By: Sheila Brennan Nee
How to Position Your Event for a Bid

Note: Contributor Sheila Brennan Nee, Director, Maine Sports Commission, reached out to New England colleagues for their perspectives on assisting event owners in creating a request for proposal to help streamline the RFP process.

It goes without saying everyone wants to put on a successful sports event. Yet, no matter what sport you’re talking about, no matter what size the event is and no matter where it takes place, every event starts on paper – or more accurately, in electronic form – as a request for proposal, or RFP. If everything works out, the city you’re interested in finds it an enticing piece of business and submits a bid.

Since so much hinges on that RFP, it’s important to know how to craft a good one. While every sport is different, their needs are usually similar: an attractive, easy-to-reach destination, a venue (or multiple venues) to host the competition and enough inventory of sleeping rooms for participants. Outside of that, the event may have other needs, such as meeting rooms, trade show space, volunteer support, entertainment and other factors which may vary according to the event itself.

No matter what your event needs, though, you want to make a good first impression on potential host cities. Here is how to get the process off to a good start:

Supply All the Information
A city should be able to look at your proposal and see right away if it’s something that will be a good fit for them.

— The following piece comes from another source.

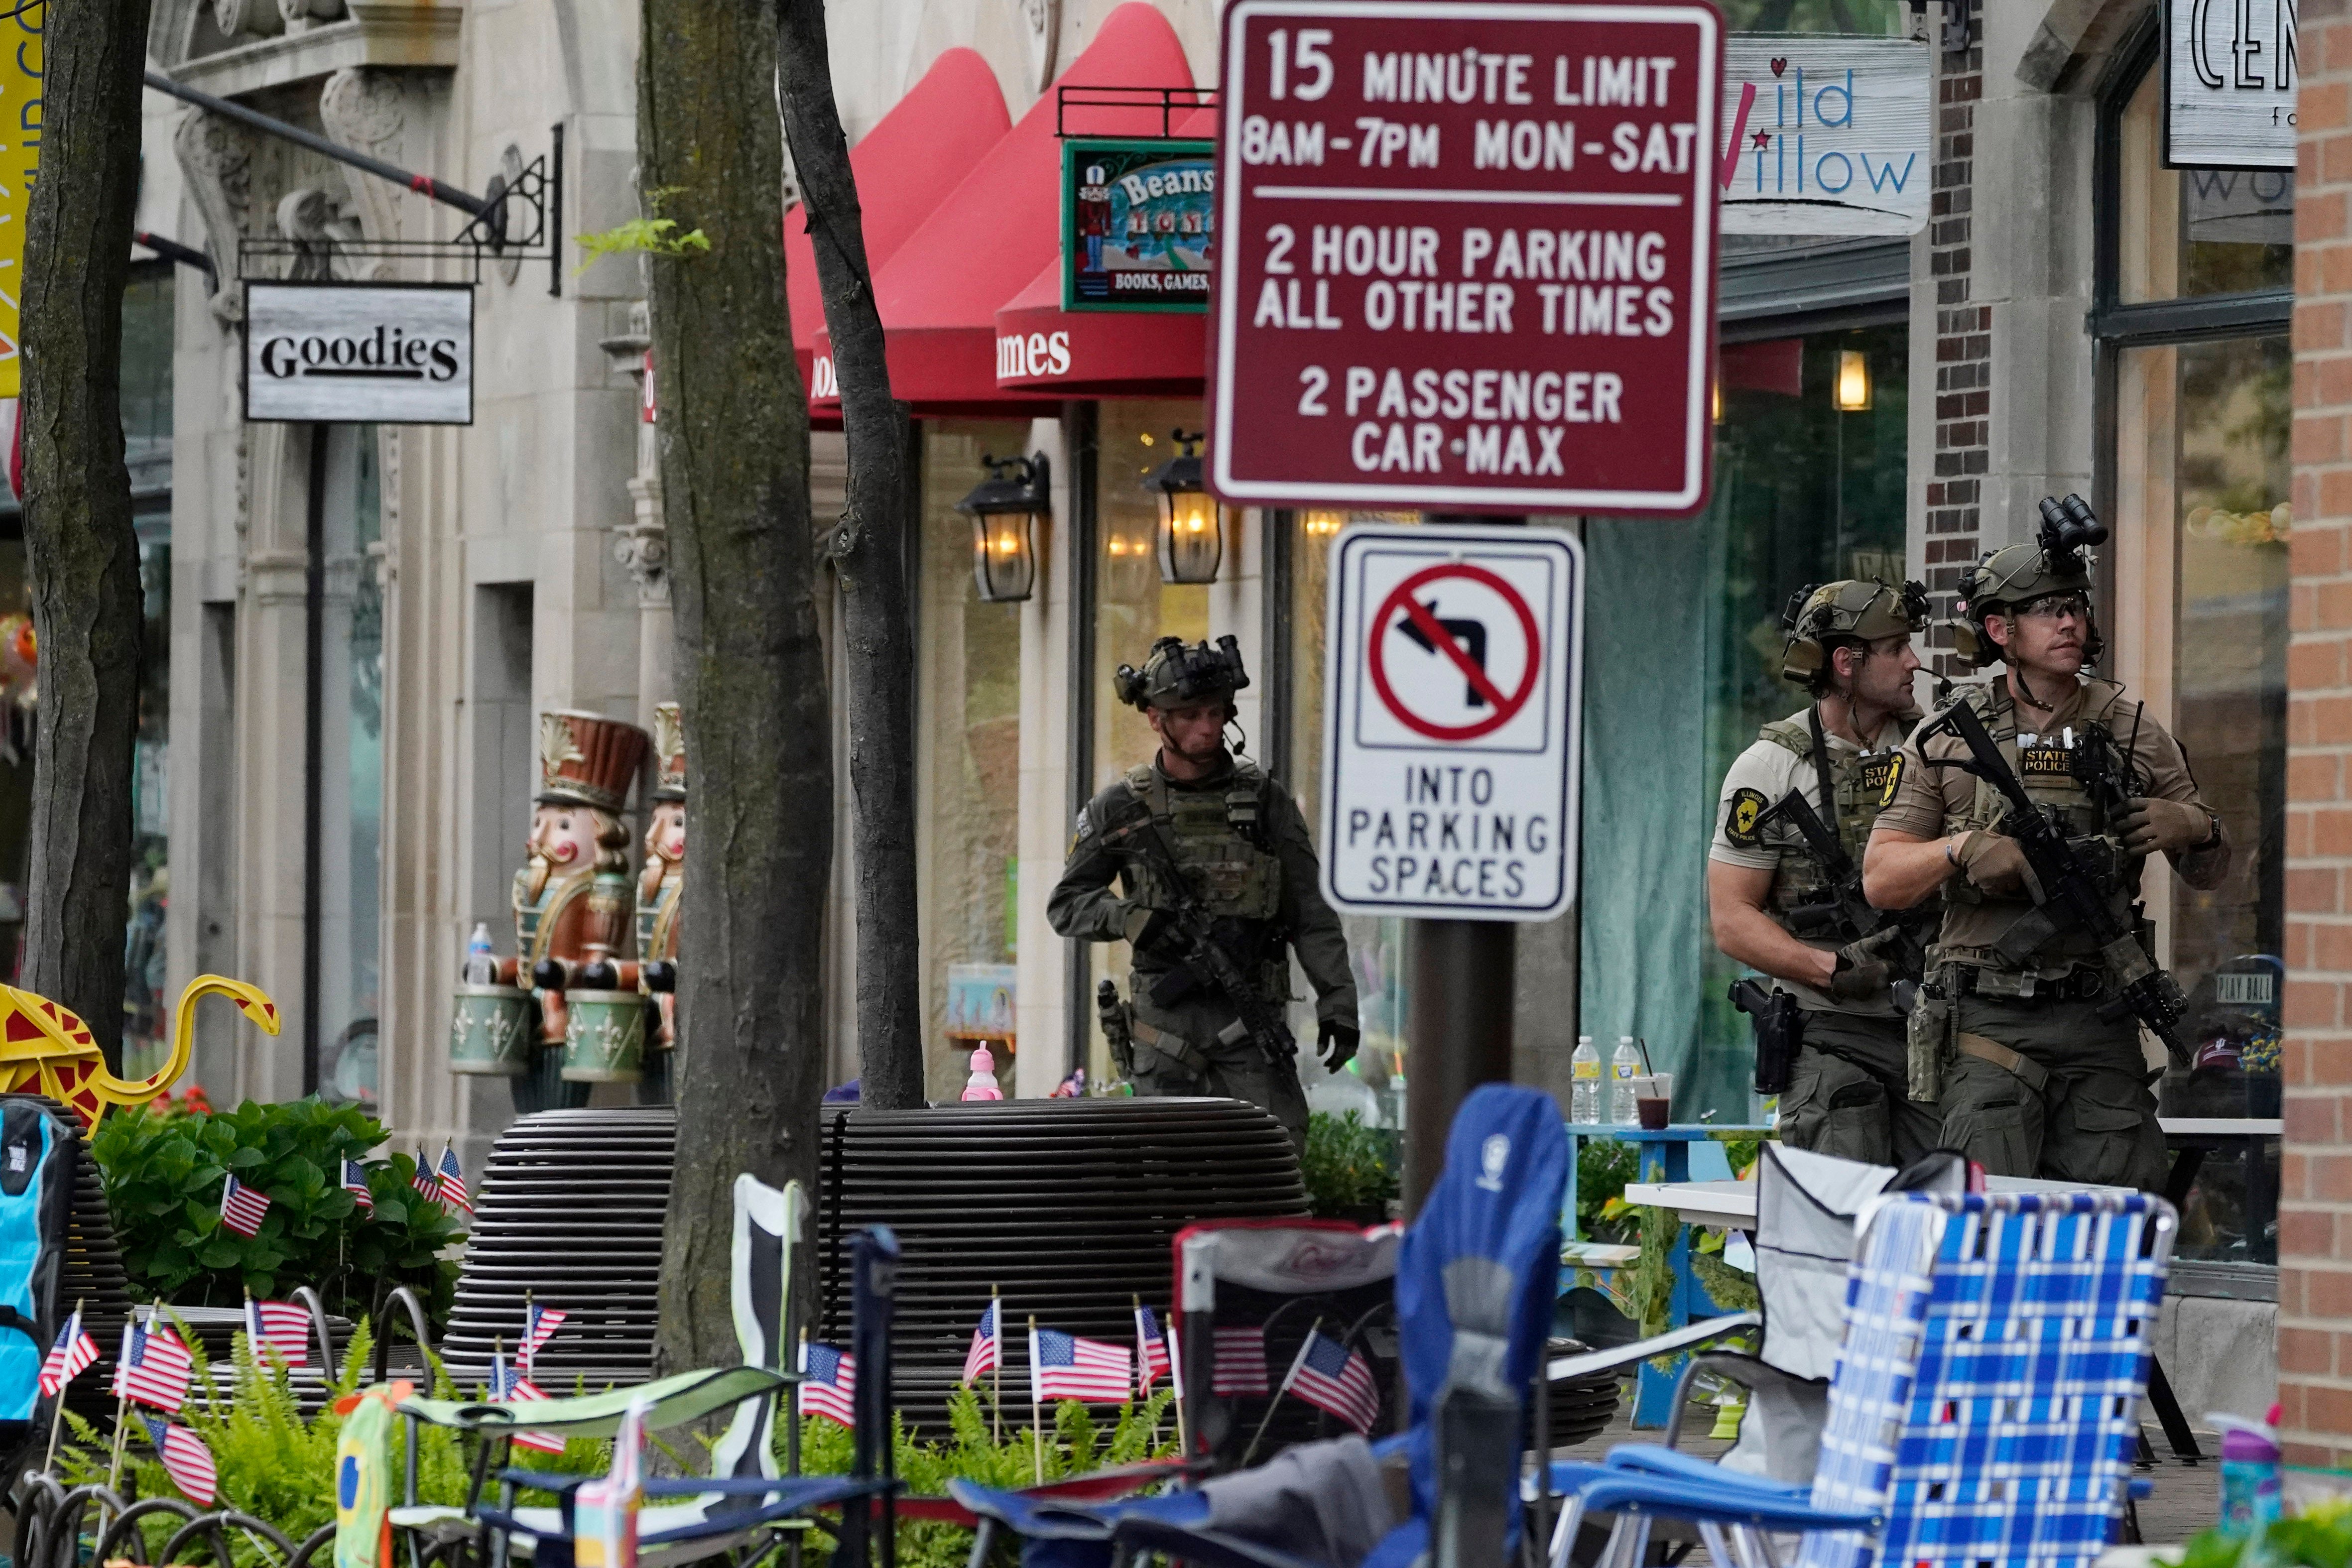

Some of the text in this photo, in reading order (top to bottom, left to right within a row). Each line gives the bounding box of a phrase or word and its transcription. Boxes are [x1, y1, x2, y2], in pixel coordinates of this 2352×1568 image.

“You want to give a snapshot of who you are and what you need,” said John Gibbons, Executive Director of the Rhode Island Sports Commission, Providence Warwick Convention & Visitors Bureau: “Any seasoned professional wants to see as much information up front as possible.”

A good RFP will include information in various categories:

The Event Itself

  • Name of Event
  • Type of Sport
  • Number of Athletes
  • Any Relevant Demographic Information (for example, a youth soccer group, a senior tennis sectional championship, etc.): State whether athletes will most likely be traveling alone, accompanied by family members, etc.
  • Referee Needs: Indicate whether you will be traveling with officials or whether you expect local sports commissions to point you to clubs and organizations that can supply you with officials
  • The Date(s) or Date Window Desired

The Venue

  • Type of Competition Venue Needed: Soccer fields, disc golf course, a natatorium, ice hockey rinks, etc., including any specific size, surface or lighting requests.
  • Will concessions or catering be needed?
  • Spectators: How many do you expect to attend the event each day?
  • Expo or Trade Show Space: How much space will be necessary, how many vendors you expect, the load-in/load-out pattern.
  • Ancillary Space: A convention center or other large space for opening and closing ceremonies, smaller meeting rooms for officials, etc.
  • If additional venues are needed, what is the preferred proximity?

Accommodations

  • Room Nights: How many room nights will be used? What is the move-in and move-out pattern? Is this an elimination tournament where the number of room nights needed will go down over the course of the event? If so, by how much?
  • What types of rooms are preferred? And are you looking for rooms with fold-out couches because families are traveling together and need more sleeping areas?
  • Are you looking for hotels with pools, health facilities, a free breakfast, complimentary Wi-Fi, etc.?
  • How far is the event owner willing to site an event from hotel accommodations?
  • Is there a preferred proximity to the nearest airport?

Additional Services
If your event will require the services of any specific onsite vendors, state that in your RFP. For example, a color guard or a D.J. might be needed. Will A/V equipment be necessary? Will there be a shuttle bus service provided? How about catering? Will you need volunteers? If so, how many and for which duties? Try to give the most complete overview of your event for any prospective city.

Historical Information
Locations from Previous Years: This should include room pickup, food and beverage information, any economic impact figures and more.

Financial Needs
Some events charge a bid fee. If yours does (or does not), state that up front in your RFP. No city wants to be surprised.
In all aspects of the RFP, details are always appreciated, according to Bob Murdock, Director of National Accounts and Sports Marketing with the Connecticut Convention & Sports Bureau.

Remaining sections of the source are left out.